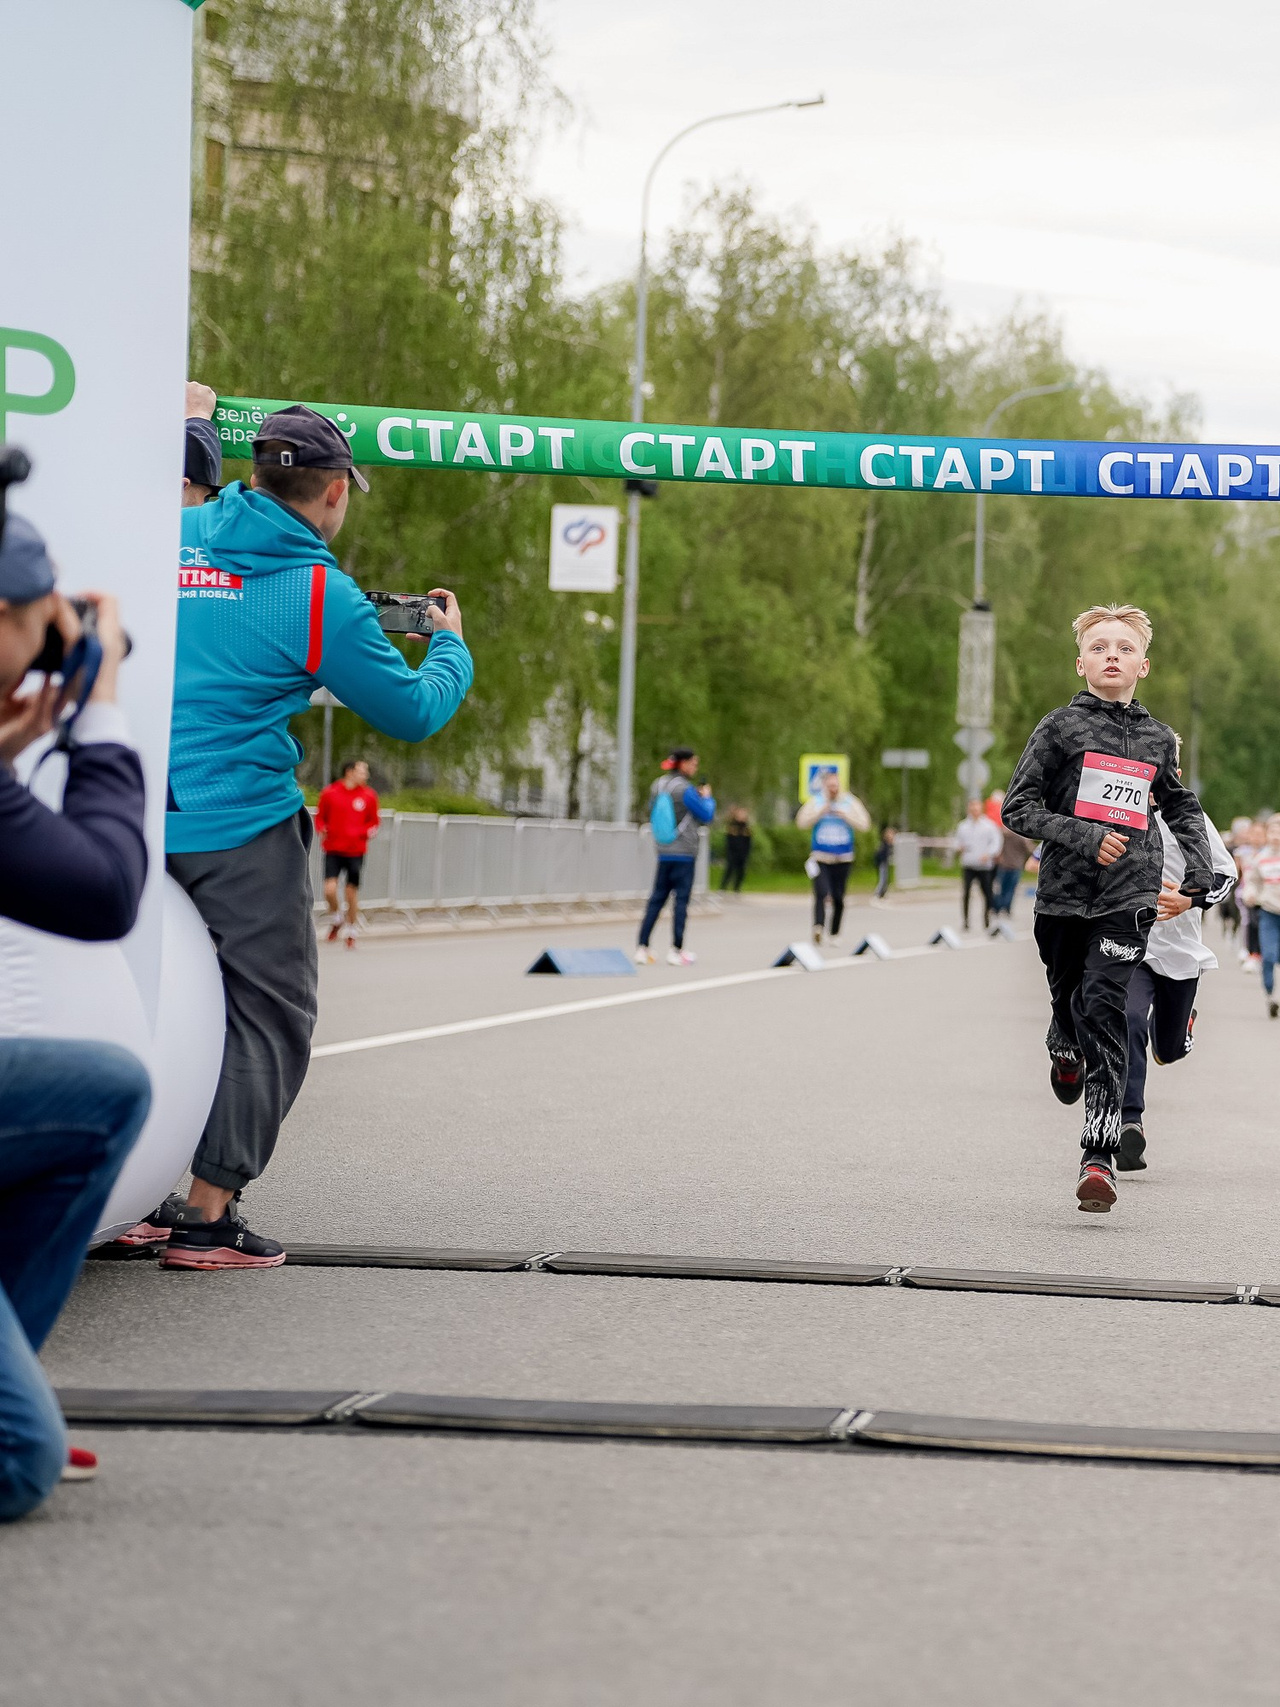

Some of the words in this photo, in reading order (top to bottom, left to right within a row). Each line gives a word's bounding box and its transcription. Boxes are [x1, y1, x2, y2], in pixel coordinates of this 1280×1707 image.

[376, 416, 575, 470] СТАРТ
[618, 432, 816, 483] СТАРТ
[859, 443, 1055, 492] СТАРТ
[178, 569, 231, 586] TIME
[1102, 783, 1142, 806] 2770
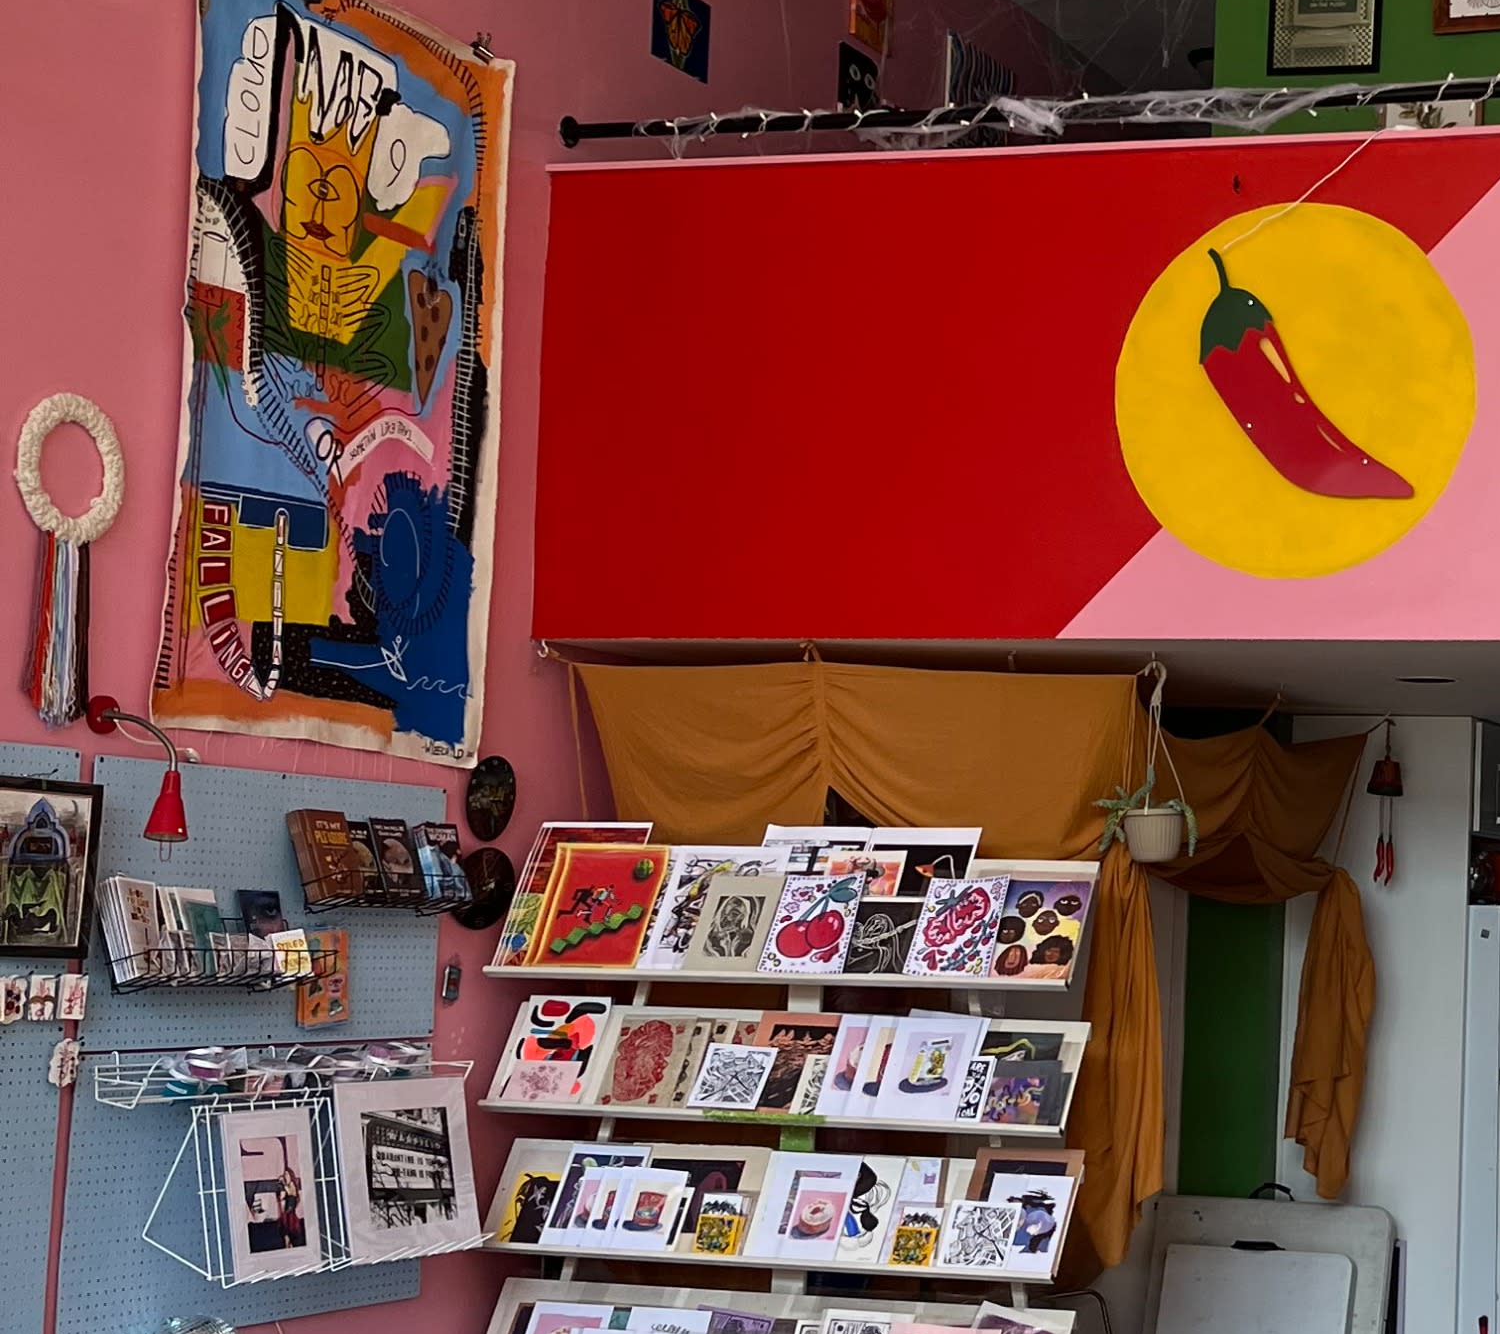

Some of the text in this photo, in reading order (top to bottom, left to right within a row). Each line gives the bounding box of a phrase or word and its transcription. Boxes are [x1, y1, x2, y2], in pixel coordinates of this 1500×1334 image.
*-*-*
Everything in the records above must be repeated exactly, apart from the pictures.

SOLUTION TO THIS EXERCISE
Some of the words in this photo, in reading order (top to bottom, left to right within a row). Each line gives a word's bounding box and its transcription. Boxes are [x1, y1, x2, y2], in pixel coordinates of this 1280×1707 image.

[376, 416, 575, 470] СТАРТ
[618, 432, 816, 483] СТАРТ
[859, 443, 1055, 492] СТАРТ
[178, 569, 231, 586] TIME
[1102, 783, 1142, 806] 2770

Some of the text in this photo, in reading order (top to bottom, left to right within a row). Each line gives the bounding box of a phrase or word and its transcription. Boxes are [x1, y1, x2, y2], in pixel coordinates of this 1500×1334 image.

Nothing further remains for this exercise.